Tom westchnął i objął mnie czule ramieniem. Uśmiechnęłam się pod nosem.
- Tori, jesteś na prawdę wspaniałą osobą. Po prostu masz wiele problemów. Rozumiem to, okej? - puścił mnie, by usiąść po turecku na moim łóżku. Zrobiłam to samo, a on ujął moje dłonie w swoje, jak miał to w zwyczaju robić. - Dostrzegam w tobie tak wiele cudownych zalet, podczas gdy ty widzisz jedynie swoje wady. Nie masz mnie za co przepraszać...Lubię spędzać z tobą czas.

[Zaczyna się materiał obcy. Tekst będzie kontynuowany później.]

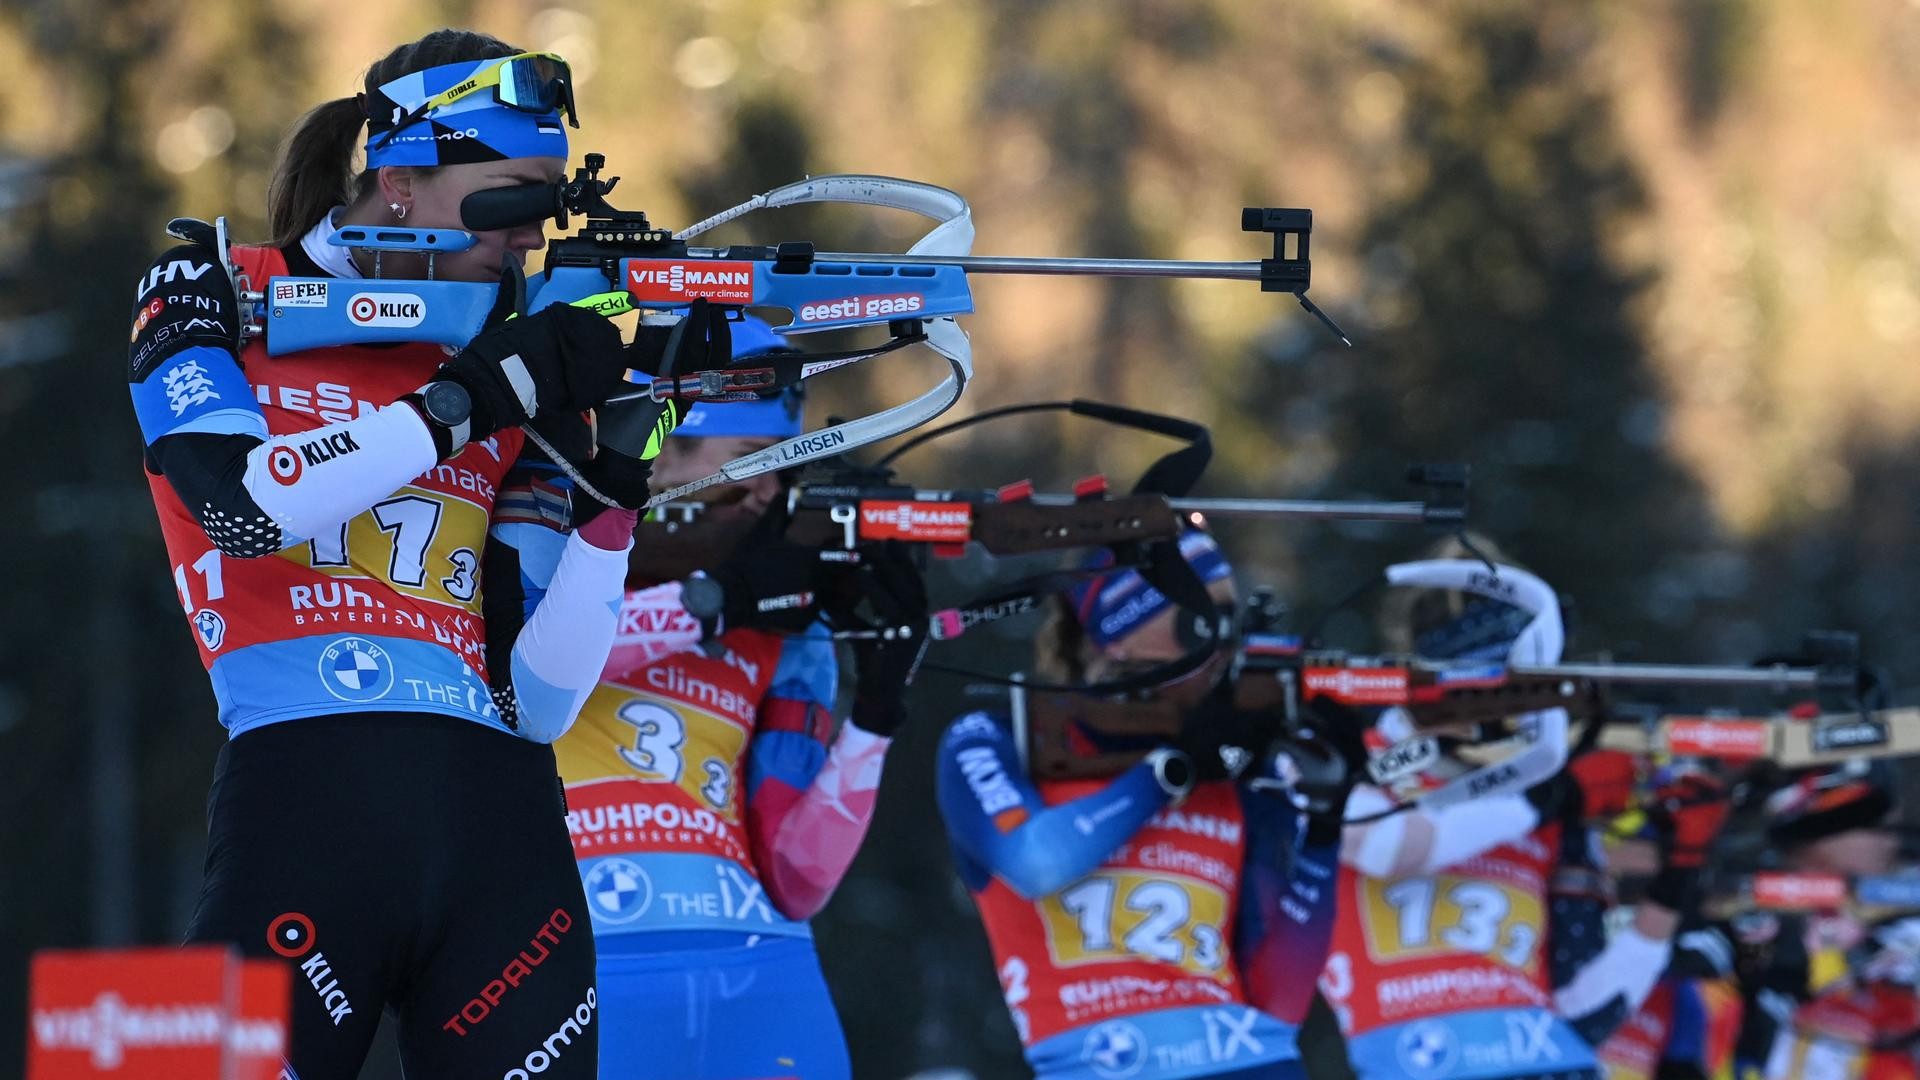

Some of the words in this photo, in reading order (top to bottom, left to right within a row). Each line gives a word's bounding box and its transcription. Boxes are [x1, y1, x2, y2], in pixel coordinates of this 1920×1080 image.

[138, 260, 213, 302] LHV
[296, 284, 326, 298] FEB
[631, 265, 749, 292] VIESSMANN
[685, 289, 697, 298] for
[700, 290, 714, 298] our
[717, 289, 749, 298] climate
[380, 303, 419, 318] KLICK
[801, 297, 860, 322] eesti
[865, 295, 920, 318] gaas
[299, 430, 360, 467] KLICK
[781, 430, 845, 461] LARSEN
[864, 505, 970, 531] VIESSMANN
[174, 548, 224, 615] 11
[441, 548, 480, 604] 3
[326, 640, 382, 661] BMW
[404, 679, 463, 708] THE
[615, 700, 686, 785] 3
[702, 759, 731, 809] 3
[660, 892, 719, 917] THE
[1382, 878, 1510, 953] 13
[1061, 877, 1190, 963] 12
[1191, 923, 1222, 970] 3
[300, 951, 353, 1026] KLICK
[443, 907, 573, 1037] TOPAUTO
[1002, 955, 1031, 1009] 2
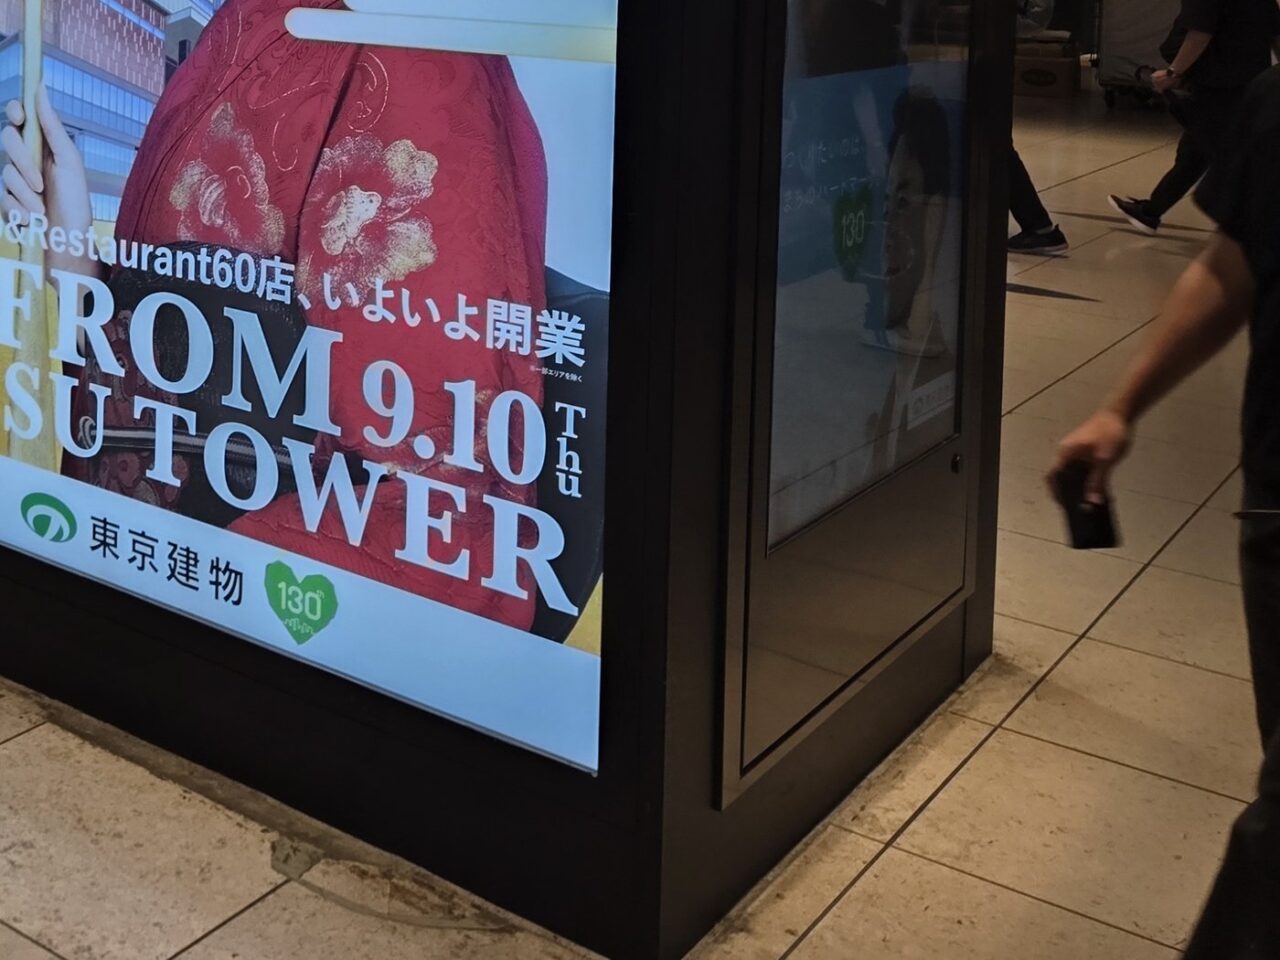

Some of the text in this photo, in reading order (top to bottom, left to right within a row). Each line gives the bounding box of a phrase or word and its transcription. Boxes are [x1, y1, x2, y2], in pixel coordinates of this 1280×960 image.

[841, 209, 865, 248] 130
[361, 359, 547, 486] 9.10
[554, 401, 587, 499] Thu
[132, 394, 580, 617] TOWER
[89, 515, 244, 607] 東京建物
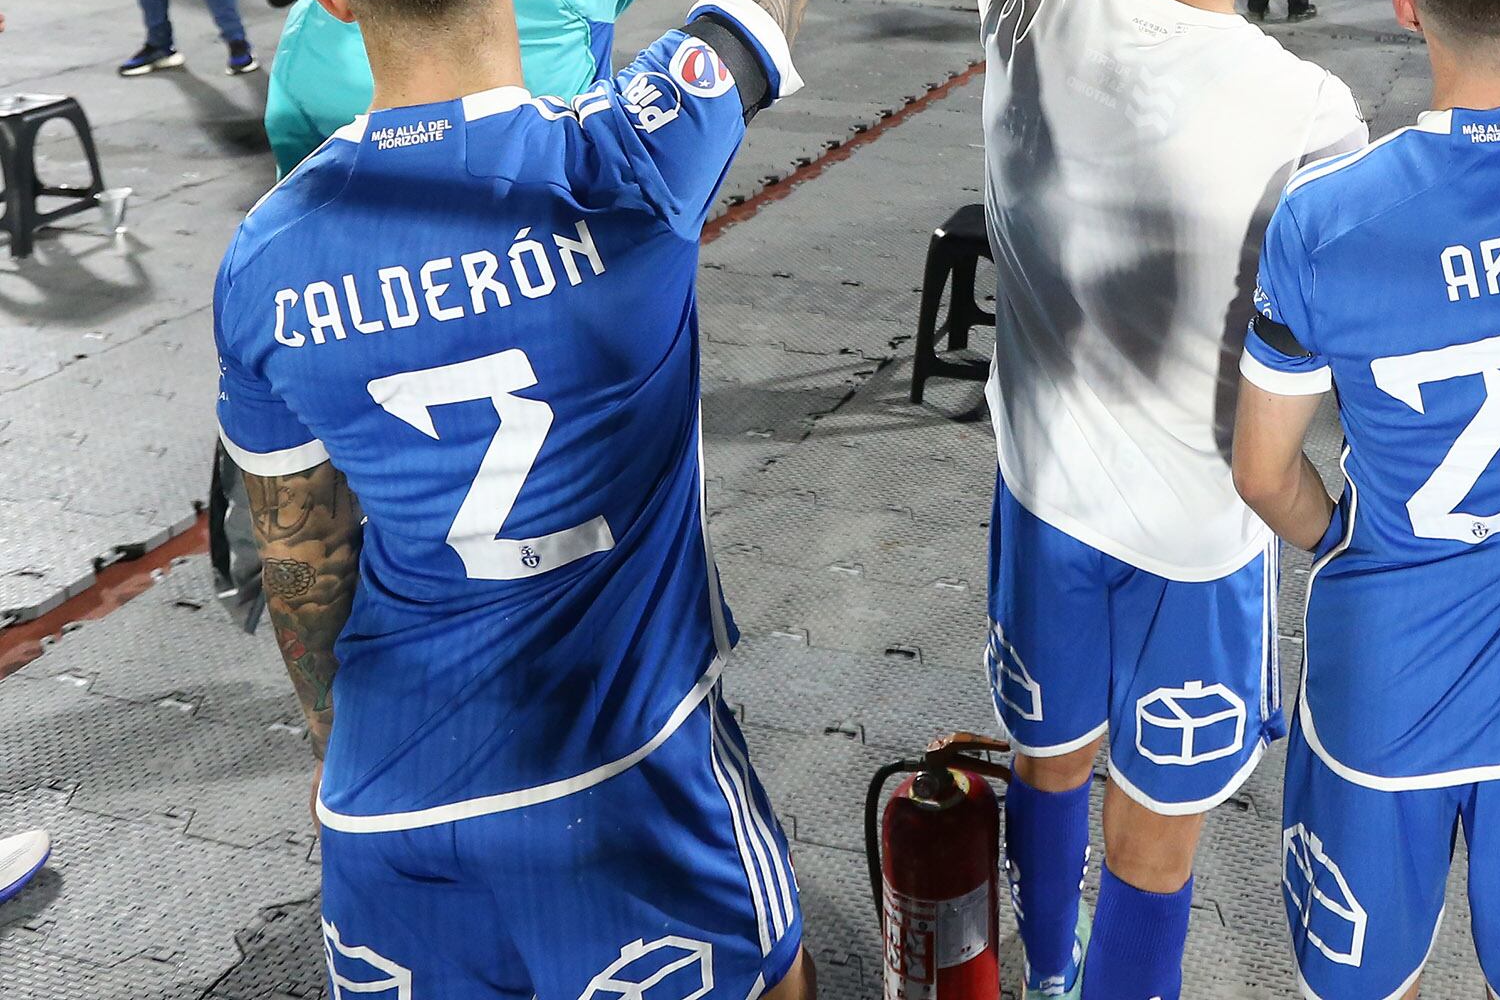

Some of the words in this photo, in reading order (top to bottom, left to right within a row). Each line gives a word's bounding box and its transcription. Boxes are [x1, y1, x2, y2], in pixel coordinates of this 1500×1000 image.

Czułam, że - wbrew sobie - zaczynam się rumienić. Tom zaśmiał się i musnął dłonią mój policzek.
- Widzisz? Nawet teraz to robisz - odparł, zadowolony z siebie.
- Robię co?
- Zachwycasz mnie, na każdym kroku - w jego oczach zamigotały iskierki. - Jesteś silna, inteligentna i piękna, a nawet nie zdajesz sobie z tego sprawy - potrząsnął z niedowierzaniem głową.
Spuściłam wzrok na własne dłonie, splecione przed sobą.
- To nie brzmi, jakbyś mówił jak do przyjaciółki - stwierdziłam.
Na chwilę zapadła cisza, jednak szybko ją złamał:
- Czy przyjaźń wyklucza coś innego?
To mnie uderzyło. Tysiące emocji naraz. Dopiero co nauczyłam się mu ufać, nie mogłam być pewna, że mogę to odwzajemnić. Dodatkowo blokowało mnie to, kim byłam.
A na prawdę, na prawdę nie chciałam go skrzywdzić.
- Przepraszam, nie chciałem cię wystraszyć - powiedział szybko, speszony.
Pociągnęłam go delikatnie za rękę. Położyłam się na boku, cała się spinając. Tom położył się niepewnie obok mnie. Wtulił twarz w moje włosy i przytulił mnie do siebie. Pocałował mnie w zagłębienie między szyją, a uchem.
- Dobranoc, Tori - szepnął.
Uśmiechnęłam się lekko.
- Dobranoc, Tom.
- Powinnam już iść, a raczej już na pewno muszę iść - powiedziałam, wstając szybko z kanapy.
- Zostań na noc - zaproponował Dylan, jednak pokręciłam przecząco głową.
Zadeklarował się również, że odwiezie mnie do domu. Odmówiłam, ale i tak nie zwracał uwagi na moje sprzeciwy.
Jechaliśmy drogą oświetloną przez uliczne latarnie i blask księżyca, słuchając nieznanej mi piosenki. Przez szybę widziałam jak miejscowe kluby tętnią życiem, a grupa nastolatków prosi ochroniarza o wejście - tak właśnie wyglądało codzienne nocne życie w Los Angeles.
- Najlepszym rozwiązaniem byłoby gdybyś spała u mnie w łóżku… nie w wannie - spojrzał na mnie szybko i uśmiechnął dobrze mi znanym uśmieszkiem. Uderzyłam go lekko w ramię, jednak uważając, by nie stracił panowania nad kierownicą.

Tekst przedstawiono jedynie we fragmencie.